A strong foundation of collaboration
Field Crop Pathologist Albert Tenuta has built strong working relationships across Canada and internationally over his 25 years of working at OMAFRA. Albert's networks have opened up collaborative business opportunities for Ontario's soybean industry. Albert has always been keenly aware of global opportunities and works to ensure that Ontario growers are aware of sector trends and opportunities that can benefit their businesses.
Since 2014, Albert has worked with the Crop Protection Network (CPN), a regional network of land grant universities in the United States (US) and OMAFRA, which serves as the infrastructure for collaboratively creating crop pathology resources for the soybean industries in Ontario and the North Central States. Canada ranks as one of the major soybean producing countries, with a global reputation for both high quality and high yields. Unfortunately, yields in many of the major soybean countries, including Canada (especially Ontario), are reduced each year due to diseases, resulting in unnecessary losses to the producer and agriculture sector as a whole. The most recent published disease losses for Canada (2006) are 363,000 metric tonnes (13,338,072 bushels) at a potential conservative cost of more than $154,855,015 (Cash Price - $11.61 December 4, 2015) (Wrather et al, 2010, Plant Health Progress).
Working together to combat soybean disease
Albert is the only Canadian on the CPN team. He saw the CPN as a forum to collaborate with extension experts outside of Ontario to create a strong, unified message about soybean disease management. The CPN was created to provide unbiased, research-based information to farmers and agricultural personnel on how to combat emerging field crop disease problems in their fields. This project has been funded through the Grain Farmers of Ontario (GFO) and the North Central Soybean Research Program (NCSRP). The NCSRP program has funded the project at $58,000 per year in 2014, 2015 and 2016. Grain Farmers of Ontario (GFO) has provided $10,000 per year for Ontario's involvement. Without Albert's involvement with the CPN, the information produced by the team would not have been applicable to Ontario growers, and Ontario would have missed this opportunity to be part of a strong brand. Albert's partnership with US colleagues and his long history of working with the GFO and the NCSRP led to Ontario's participation in this project.

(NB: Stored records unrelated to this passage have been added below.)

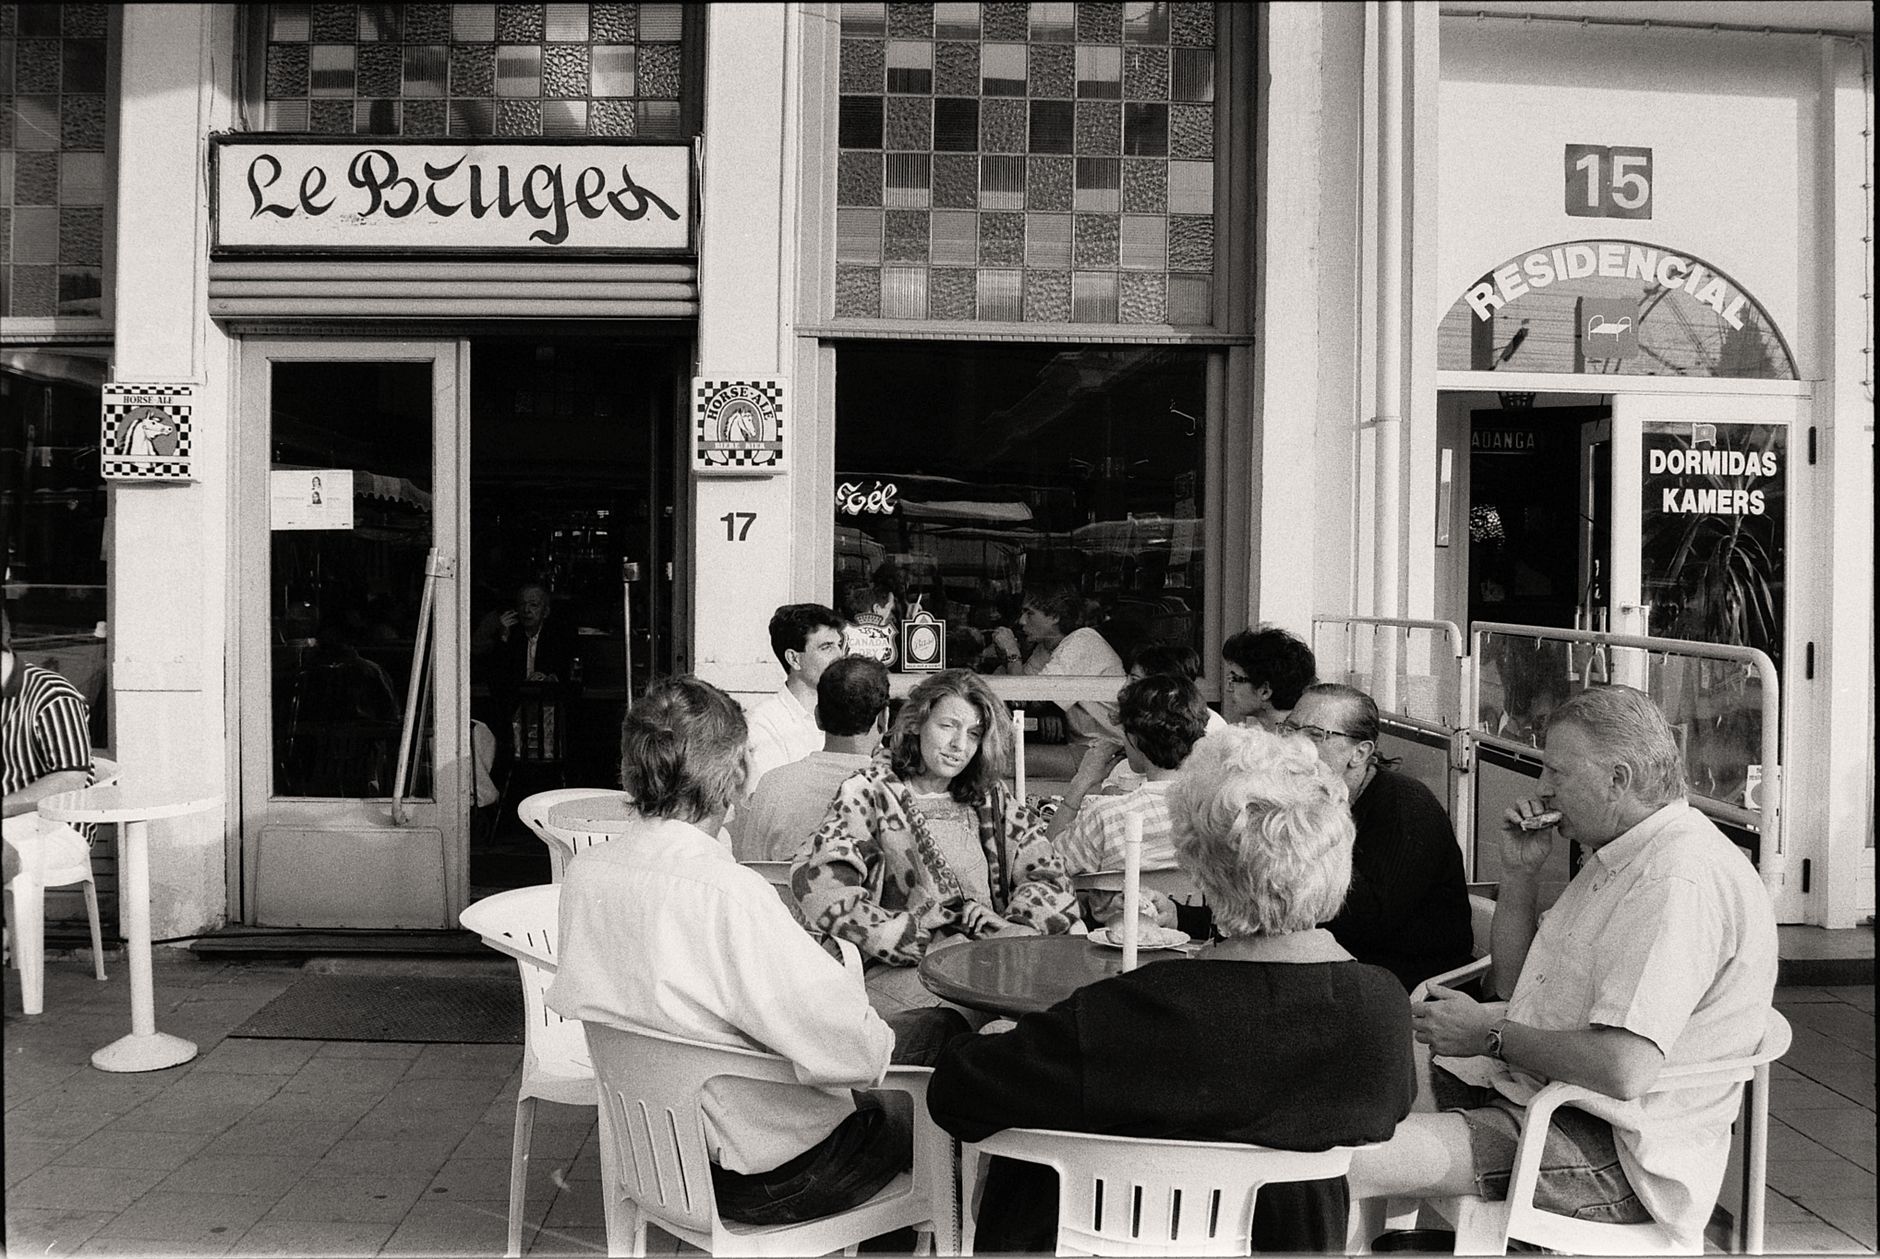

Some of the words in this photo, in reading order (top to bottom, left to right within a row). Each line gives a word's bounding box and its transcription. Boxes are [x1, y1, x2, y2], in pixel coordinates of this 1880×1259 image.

[1575, 154, 1649, 209] 15
[247, 153, 337, 220] Le
[347, 149, 681, 245] Bruges
[1464, 245, 1746, 331] RESIDENCIAL
[123, 395, 153, 404] HORSE
[157, 396, 174, 404] ALE
[1650, 449, 1777, 477] DORMIDAS
[1662, 488, 1765, 515] KAMERS
[720, 512, 757, 541] 17
[848, 638, 888, 647] CANADA

Creating resources to meet the sector's needs
Through the CPN, high quality, innovative extension tools and materials have been created and distributed in order to meet industry needs and reduce farmer risk and economic losses associated with soybean diseases. The group has developed extension material for new and emerging (endemic) diseases for Ontario and the North Central US, and provided this information at multiple levels of extension interface (print, web, video, smartphone, GFO magazine, etc.) to reach diverse groups of stakeholders. To date, the CPN has created 21 publications in the Soybean Disease Management Series and six scouting cards. These tools can be easily updated to incorporate the latest research findings so management recommendations are current and relevant to producers. The CPN website (www.cropprotectionnetwork.org) features all the products produced to date. These materials are also available on the GFO website (www.gfo.ca/production/production-resources). To date, over 119,400 copies of the CPN publications have been printed and there have been nearly 11,500 PDF downloads.

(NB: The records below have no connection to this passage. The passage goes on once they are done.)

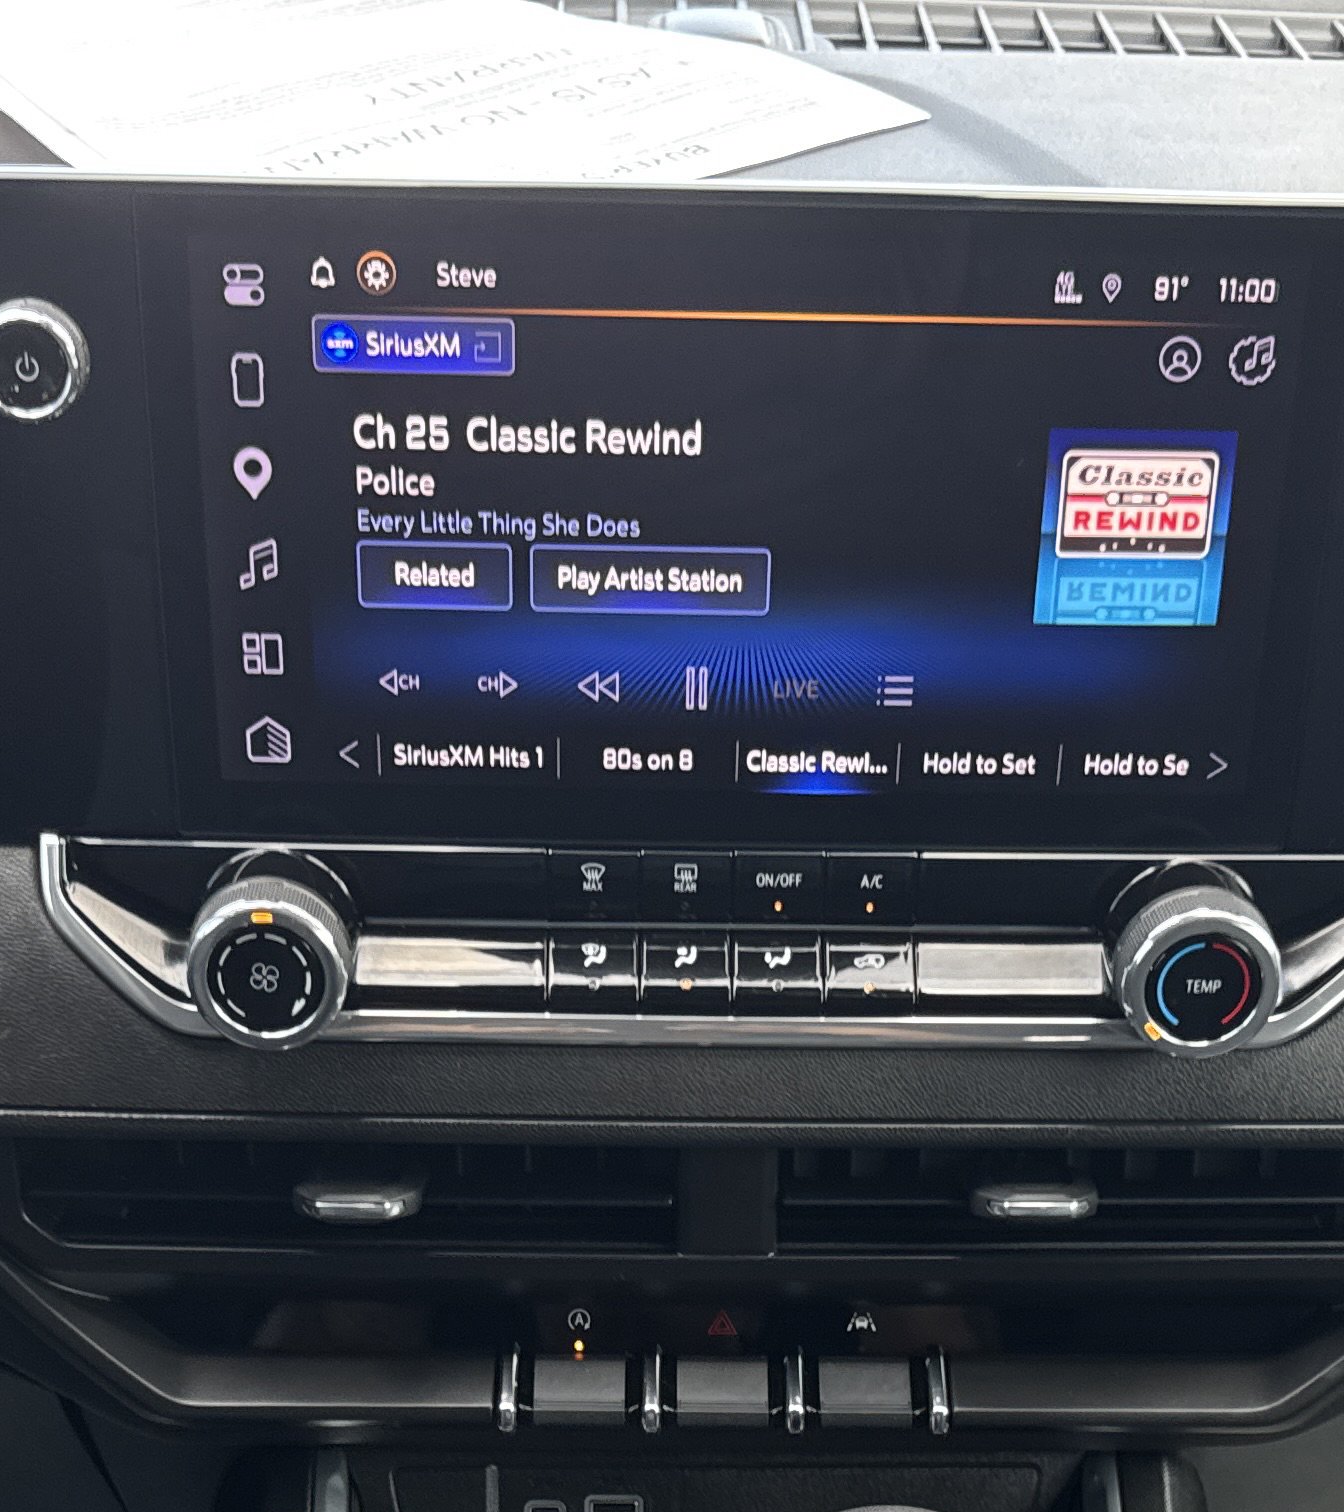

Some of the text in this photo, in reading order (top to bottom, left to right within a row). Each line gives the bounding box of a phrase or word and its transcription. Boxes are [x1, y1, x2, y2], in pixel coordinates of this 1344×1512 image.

[436, 261, 496, 288] Steve
[1155, 276, 1190, 301] 91°
[1219, 277, 1276, 303] 11:00
[365, 330, 461, 358] SiriusXM
[353, 415, 702, 456] Ch 25 Classic Rewind
[357, 466, 435, 497] Police
[1078, 464, 1204, 487] Classic
[358, 510, 640, 540] Every Little Thing She Does
[1073, 510, 1200, 531] REWIND
[394, 561, 475, 587] Related
[557, 565, 742, 594] Play Artist Station
[399, 674, 420, 690] CH
[477, 675, 498, 692] CH
[773, 678, 819, 699] LIVE
[393, 742, 543, 769] SiriusXM Hits 1
[603, 748, 693, 771] 80s on 8
[746, 749, 817, 774] Classic
[923, 753, 1036, 776] Hold to Set
[1084, 754, 1129, 776] Hold
[1131, 756, 1159, 776] to
[582, 881, 603, 892] MAX
[674, 882, 697, 893] REAR
[756, 873, 802, 889] ON/OFF
[860, 874, 883, 890] A/C
[1186, 979, 1223, 994] TEMP

The CPN has focused its efforts on providing a consistent approach to disease management for Ontario and Northern US soybean producers, through a trusted, branded source. A CPN logo was created to emphasize the strength of the expertise that is behind the group's Extension outputs. The goal of the CPN was to create one voice and one message for soybean disease management. Without the collaboration between the US and Ontario, the number of resources produced and the reach of those resources would not have been possible. This infrastructure has made collaborative outputs easier to brand and created a network of specialists who support each other in their efforts to enact the core mission of the land grant institutions and OMAFRA, which is to provide research-based education to the public sector. The success of this model has not gone unnoticed, as in November 2015 the group's publications were recognized by the American Society of Agronomy with the 2015 Extension Education Community Education Materials Award.
In addition to creating a stronger soybean industry, the CPN created a five-part corn ear mould and mycotoxin series in 2016, which was used by OMAFRA this fall to aid with elevated mycotoxin levels in the 2016 Ontario corn crop. The CPN will continue to create and share resources with the sector, which will support disease management for field crops in North America.